Authentication at Scale

Stateless JWTs eliminate database lookups for token verification but cannot be instantly revoked — the hybrid approach uses short-lived JWTs (5–15 min) verified in-process, combined with stateful refresh tokens rotated on every use to bound the compromise window.

TL;DR
  • Stateless JWTs eliminate database lookups for token verification but cannot be instantly revoked. The compromise window equals the token's TTL — keep access tokens at 5–15 minutes, never hours.
  • Auth0's refresh token rotation with reuse detection: when a refresh token is used, it is immediately invalidated and a new one issued. If the old (already-used) token is presented again, the entire token family is revoked — indicating the token was stolen and replayed.
  • Google's internal "Passport" token propagates user identity through the service call chain as a signed binary proto — each service validates in-process using a cached public key, with zero network calls to a central auth service.
  • Never store sensitive data (PII, permissions, role assignments) in the JWT payload. JWTs are base64-encoded, not encrypted — the payload is readable by anyone who intercepts the token without even decoding it properly.
  • The auth service is a critical-path dependency for every request. It must be deployed multi-zone HA with JWKS keys cached at the API gateway. A 500ms auth service outage means every API request fails for its duration.

The Problem

A company's monolith used server-side sessions stored in a single Redis instance. Migrating to microservices, they switched to stateless JWTs with 24-hour expiry to avoid Redis as a dependency. Three months later, a security incident requires revoking all active tokens for a compromised user account. There is no revocation mechanism — the attacker retains access for up to 24 hours after the password is reset. The team builds an emergency Redis blacklist in production under incident pressure, discovers it adds 3ms of Redis latency to every request, and later finds that 30 services bypass it because they validate JWTs before the gateway's blacklist check.

Core System Idea

Authentication at scale uses a two-token hybrid: (1) Short-lived access token (JWT) — 5–15 minute TTL, validated in-process at every service using JWKS public keys cached in memory. No network call required for verification. If the access token is stolen, the attacker has at most 15 minutes of access. (2) Long-lived refresh token — stored server-side in Redis or a database, valid for days or weeks. Used only to exchange for a new access token when the current one expires. The refresh token is stateful and can be instantly revoked. At verification time: the API gateway validates the JWT signature using the cached JWKS public key (in-process, <1ms). For instant revocation before expiry, the JWT's jti claim (unique token ID) is added to a Redis Bloom filter blacklist. A Bloom filter provides probabilistic membership testing — false positives (legitimate tokens incorrectly flagged) are configurable (0.1% false positive rate with appropriate filter size). Refresh token rotation: every time a refresh token is used, it is invalidated and a new one issued. If a token that was already used is presented (replay detection), the entire token family is immediately revoked — indicating the refresh token was stolen after initial issuance.

System Flow

flowchart TD A["Client"] -- "1. Request with JWT" --> B["API Gateway"] B -- "2. Local Crypto Verify" --> B B -- "3. Check Blacklist" --> C[("Redis Bloom Filter")] C -- "4. If Valid" --> D["Backend Service"] A -- "5. Token Expired: Send Refresh" --> E["Auth Service"] E -- "6. Rotate and Issue New Pair" --> A

The API Gateway performs fast in-process JWT verification against a cached blacklist; refresh token rotation happens out-of-band at the Auth Service only when access tokens expire.
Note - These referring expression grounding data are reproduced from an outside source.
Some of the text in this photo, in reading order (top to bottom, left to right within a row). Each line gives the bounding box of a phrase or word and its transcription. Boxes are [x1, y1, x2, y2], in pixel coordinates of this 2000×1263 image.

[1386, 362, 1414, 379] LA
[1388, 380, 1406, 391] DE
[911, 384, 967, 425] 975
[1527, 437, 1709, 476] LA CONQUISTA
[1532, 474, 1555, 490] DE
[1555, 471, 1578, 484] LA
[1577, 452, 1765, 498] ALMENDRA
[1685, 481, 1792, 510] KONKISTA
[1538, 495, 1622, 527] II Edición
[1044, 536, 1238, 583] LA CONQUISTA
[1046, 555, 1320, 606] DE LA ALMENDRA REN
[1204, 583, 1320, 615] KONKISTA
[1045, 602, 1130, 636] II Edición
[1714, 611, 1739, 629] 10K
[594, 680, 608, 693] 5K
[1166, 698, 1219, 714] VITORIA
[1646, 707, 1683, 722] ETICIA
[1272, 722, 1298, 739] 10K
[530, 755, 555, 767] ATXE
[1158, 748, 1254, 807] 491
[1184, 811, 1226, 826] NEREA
Real-World Examples Indicative

Google's Passport token for service identity

Google's internal authentication uses a "Passport" — a short-lived (~10-minute) signed binary proto that carries user identity, service identity (which binary is making the call, at which version), and a chain of custody recording which services have handled the request. Passport propagates through the entire service call chain: Service A's Passport is attached to the call to Service B, which verifies the signature in-process using Google's LOAS (Low Overhead Authentication System) cached public key — zero calls to a central auth service per request. The chain-of-custody property prevents privilege escalation: a compromised low-privilege service cannot forge a Passport claiming to be a high-privilege service, because the cryptographic chain would be invalid.
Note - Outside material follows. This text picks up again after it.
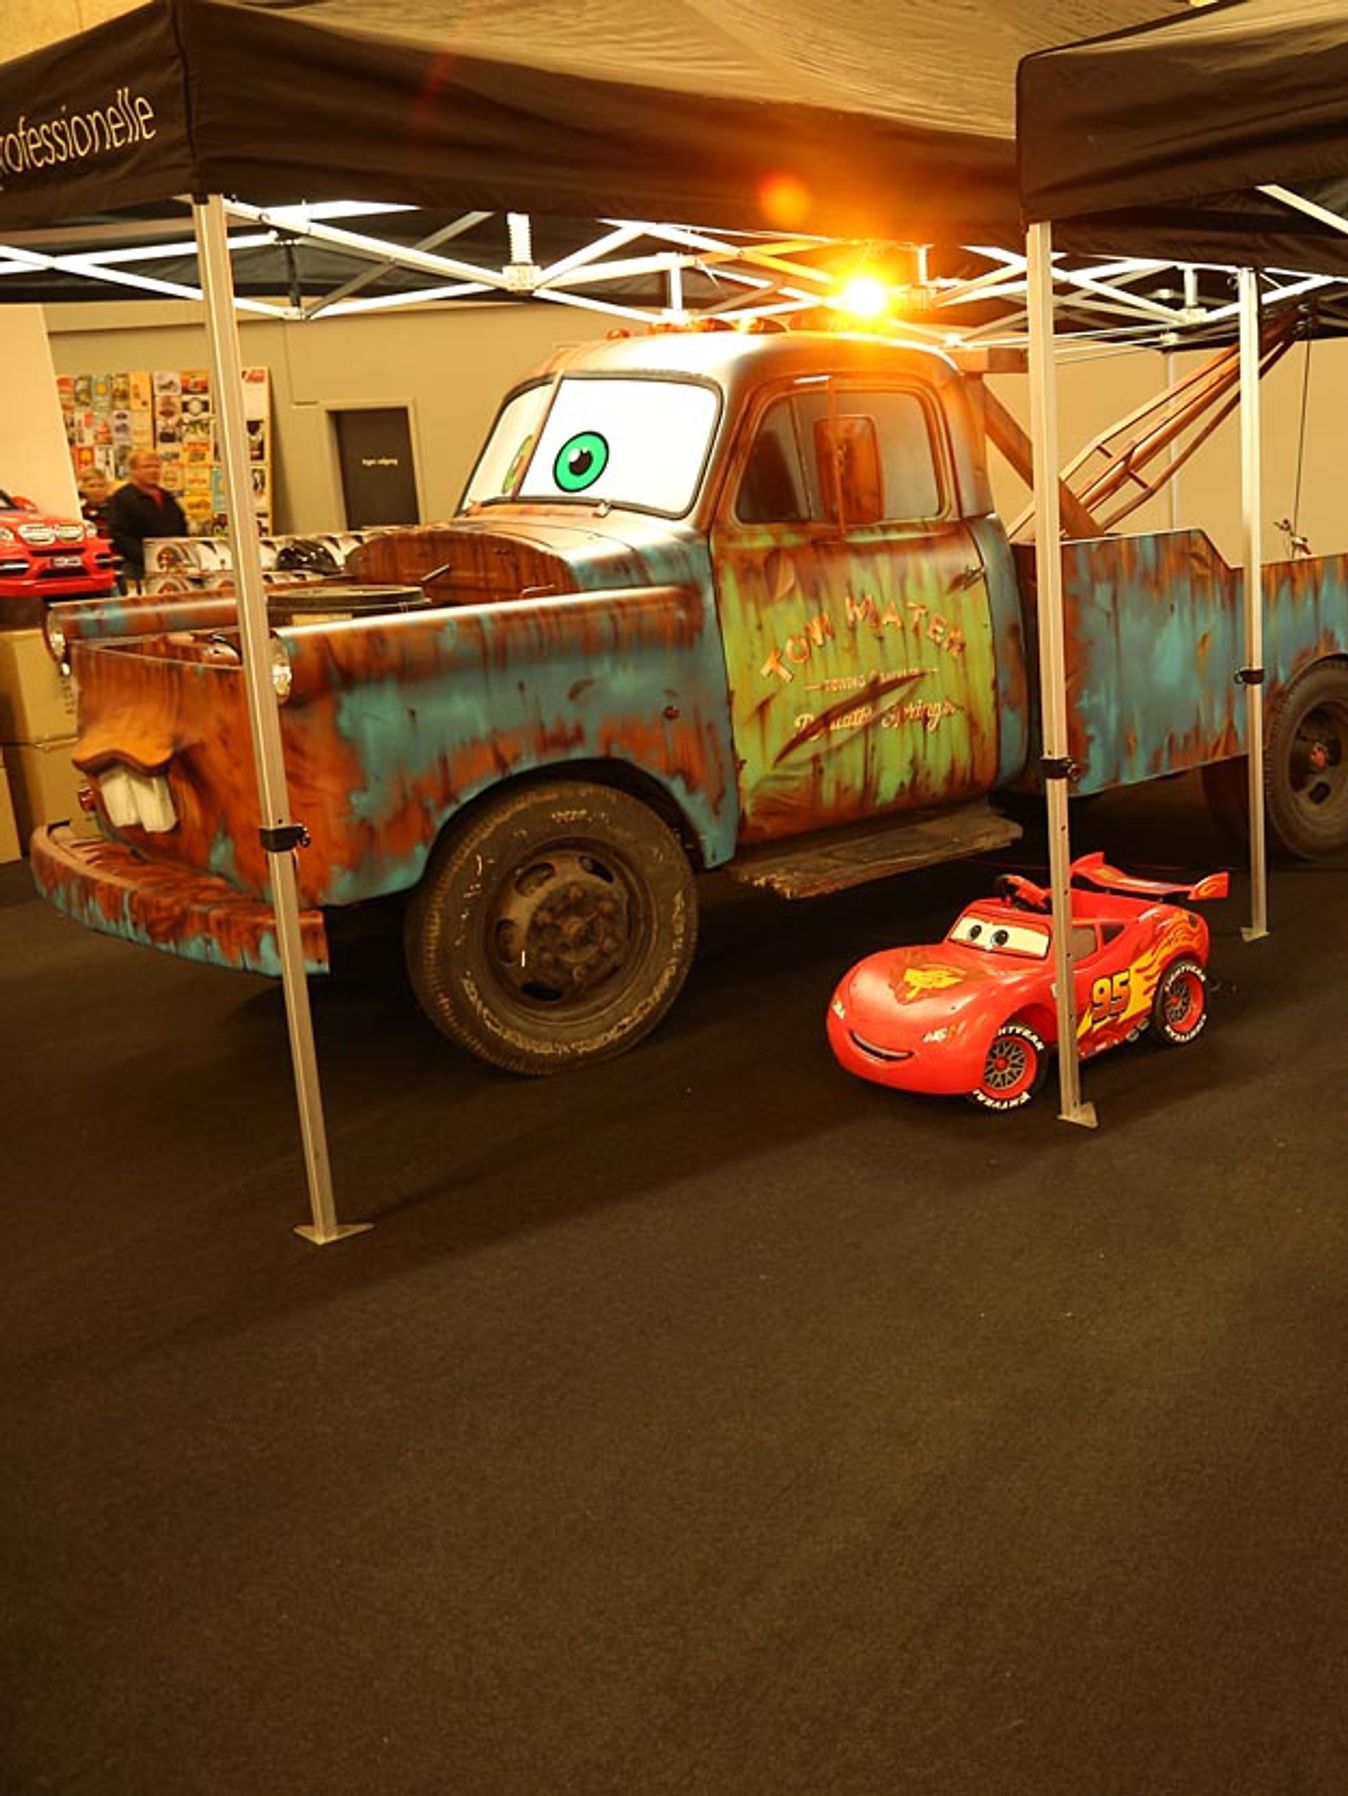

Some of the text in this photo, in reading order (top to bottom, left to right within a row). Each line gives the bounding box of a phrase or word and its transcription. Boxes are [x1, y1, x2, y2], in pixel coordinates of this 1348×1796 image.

[0, 86, 157, 175] rofessionelle
[760, 594, 966, 683] TOW MATER
[1092, 968, 1130, 1023] 95
[997, 1026, 1045, 1052] HTYEAR
Auth0 refresh token rotation with reuse detection

Auth0 implements RFC 6749 refresh token rotation with automatic family revocation. Configuration: rotateRefreshTokens: true, reuseInterval: 0. When a refresh token is used: Auth0 issues a new access token (TTL=900s), invalidates the old refresh token, and issues a new refresh token. The old token is marked as consumed in Auth0's token store. If the consumed token is presented again, Auth0 immediately revokes every token in the family tree — all active sessions for that user across all devices are terminated. This detects token theft: if the legitimate client presents the new token and the attacker simultaneously presents the old one, the second presentation triggers family revocation, forcing the legitimate user to re-authenticate (acceptable security tradeoff).
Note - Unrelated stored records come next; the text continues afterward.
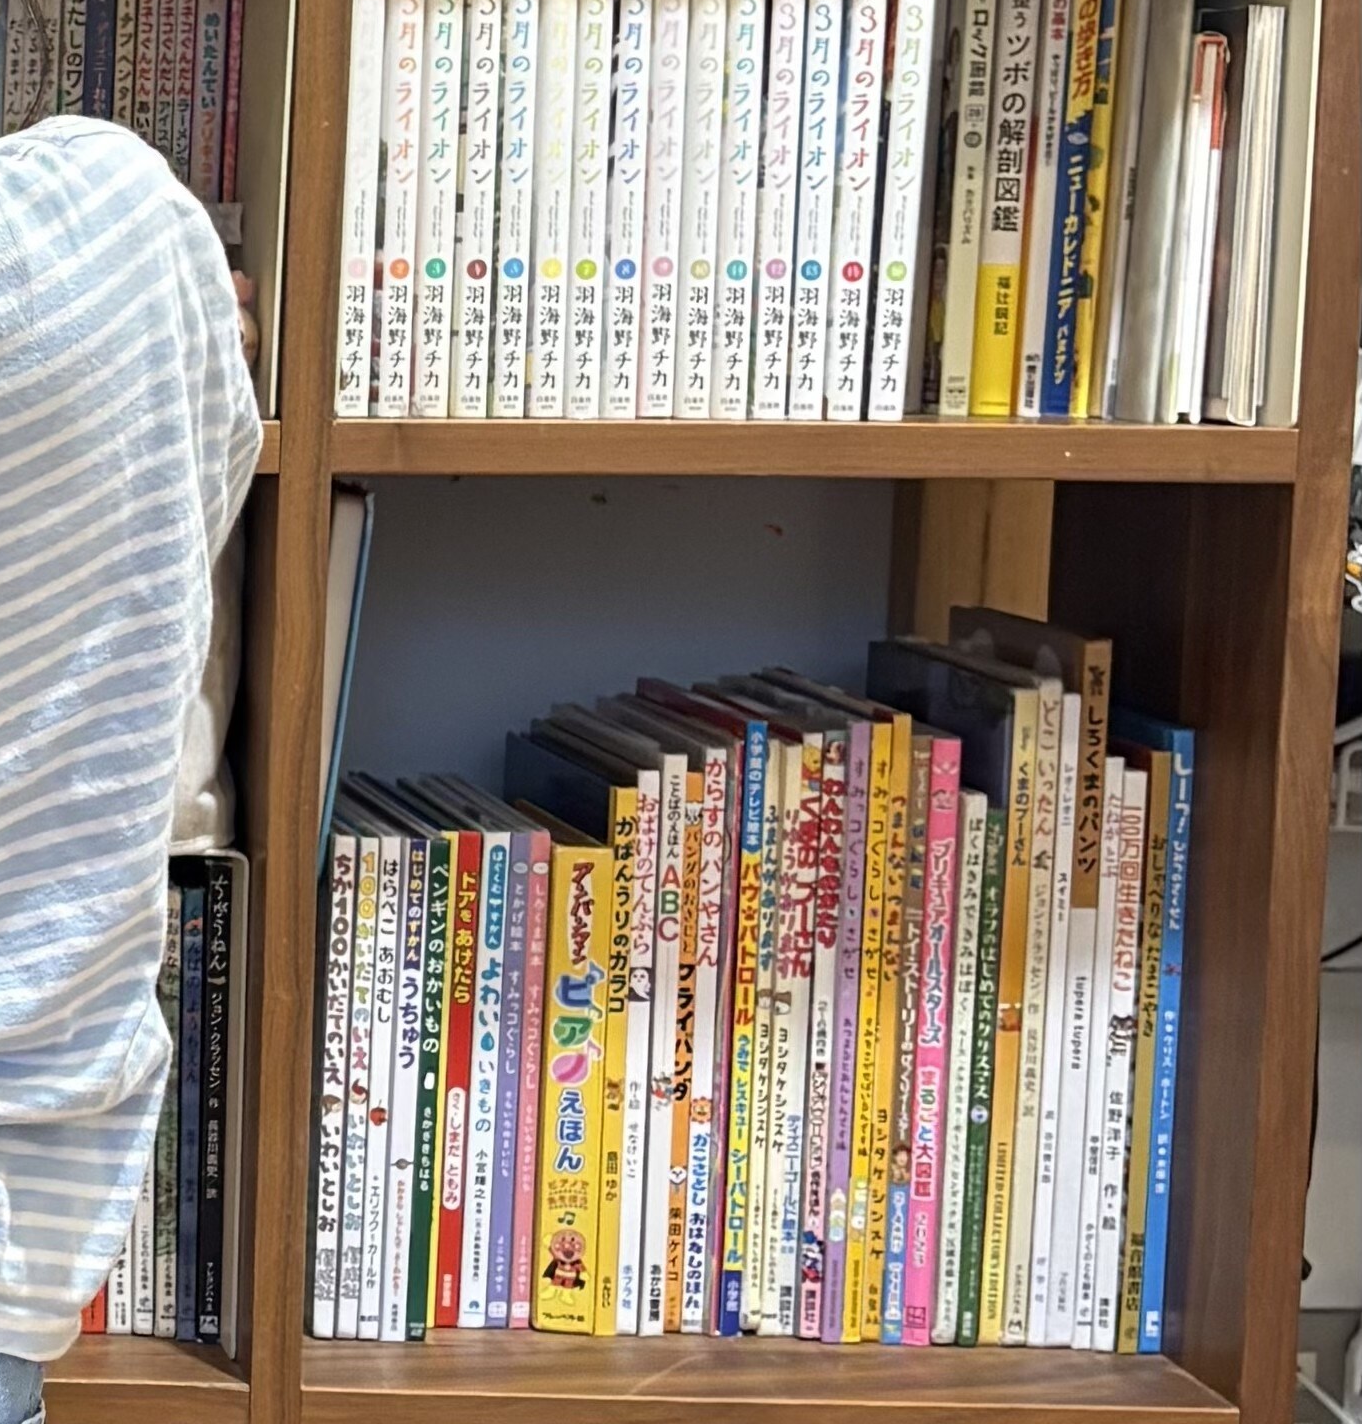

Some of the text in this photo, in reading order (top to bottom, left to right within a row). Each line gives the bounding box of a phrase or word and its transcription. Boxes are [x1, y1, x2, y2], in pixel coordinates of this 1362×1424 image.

[769, 2, 796, 188] 3月のライオン
[806, 3, 833, 190] 3月のライオン
[847, 5, 876, 191] 3月のライオン
[892, 4, 924, 191] 3月のライオン
[991, 36, 1031, 232] ツボの解剖図鑑
[1058, 155, 1083, 319] ニューカレドニア
[345, 285, 366, 388] 羽海野チカ
[387, 284, 408, 388] 羽海野チカ
[423, 284, 444, 388] 羽海野チカ
[464, 285, 486, 389] 羽海野チカ
[502, 284, 523, 388] 羽海野チカ
[539, 284, 560, 389] 羽海野チカ
[574, 285, 595, 390] 羽海野チカ
[613, 285, 634, 389] 羽海野チカ
[651, 283, 672, 387] 羽海野チカ
[688, 286, 709, 390] 羽海野チカ
[724, 286, 745, 390] 羽海野チカ
[763, 285, 784, 390] 羽海野チカ
[797, 287, 819, 391] 羽海野チカ
[838, 288, 861, 392] 羽海野チカ
[880, 288, 904, 392] 羽海野チカ
[1011, 763, 1030, 867] くまのプーさん
[1076, 705, 1105, 873] しろくまのパンツ
[458, 872, 477, 923] ドアを
[608, 816, 634, 1013] かばんうりのガラゴ
[632, 792, 659, 955] おばけのてんぷら
[658, 864, 681, 942] ABC
[791, 795, 822, 979] くまのプーさん
[816, 777, 846, 950] わんわんものがたり
[210, 875, 229, 971] ちがうねん
[323, 853, 353, 1086] ちか100かいだてのいえ
[352, 851, 376, 1072] 100かいだてのいえ
[376, 859, 398, 1024] はらぺこ あおむし
[399, 850, 425, 1070] はじめてのずかん うちゅう
[422, 865, 449, 1054] ペンギンのおかいもの
[454, 928, 474, 1004] あけたら
[920, 839, 954, 1048] プリキュアオールスターズ
[479, 957, 502, 1026] よわい
[505, 971, 522, 1075] すみっコぐらし
[524, 985, 540, 1090] すみっコぐらし
[673, 965, 696, 1102] フライパンダ
[685, 757, 725, 1310] からすのパンやさん かこさとし おはなしのほん
[973, 886, 1001, 1099] オラフのはじめてのクリスマス
[475, 1058, 496, 1133] いきもの
[754, 1023, 771, 1149] ヨシタケシンスケ
[771, 1027, 789, 1155] ヨシタケシンスケ
[1071, 1025, 1085, 1070] tupera
[343, 1113, 366, 1232] いわいとしお
[555, 1088, 585, 1174] えほん
[1105, 1090, 1124, 1162] 佐野洋子
[318, 1125, 340, 1233] いわいとしお
[726, 1148, 748, 1265] シーパトロール
[869, 1108, 889, 1260] ヨシタケシンスケ
Shopify's 1-minute JWT for embedded apps

Shopify's Admin embedded apps (running in iframes within the Shopify Admin) use JWTs with 60-second TTL via the @shopify/app-bridge SDK. The extremely short TTL means the revocation window is bounded to 60 seconds — at most 60 seconds of access after a token is compromised. The tradeoff: the embedded app calls getSessionToken() on every API request to obtain a fresh token, adding one round-trip to each interaction. Shopify's backend verifies each JWT's iss (issuer), dest (shop domain), aud (client ID), and exp (expiry) — a 5-step validation that runs in-process from the cached HMAC secret without calling Auth0 or any external service.

Anti-Patterns

Long-lived stateless JWTs

Issuing JWTs with 24-hour or 7-day expiry without a revocation mechanism. A stolen token grants access for the full TTL — an attacker who extracts a JWT from a compromised device or XSS payload retains access for days after the user changes their password.

Calling the auth service on every request

Each microservice making a synchronous HTTP call to the auth service to validate every incoming JWT. At 10K RPS across 20 services, this generates 200K auth service calls/second — the auth service becomes the bottleneck for the entire platform. Validate JWTs in-process using cached JWKS public keys.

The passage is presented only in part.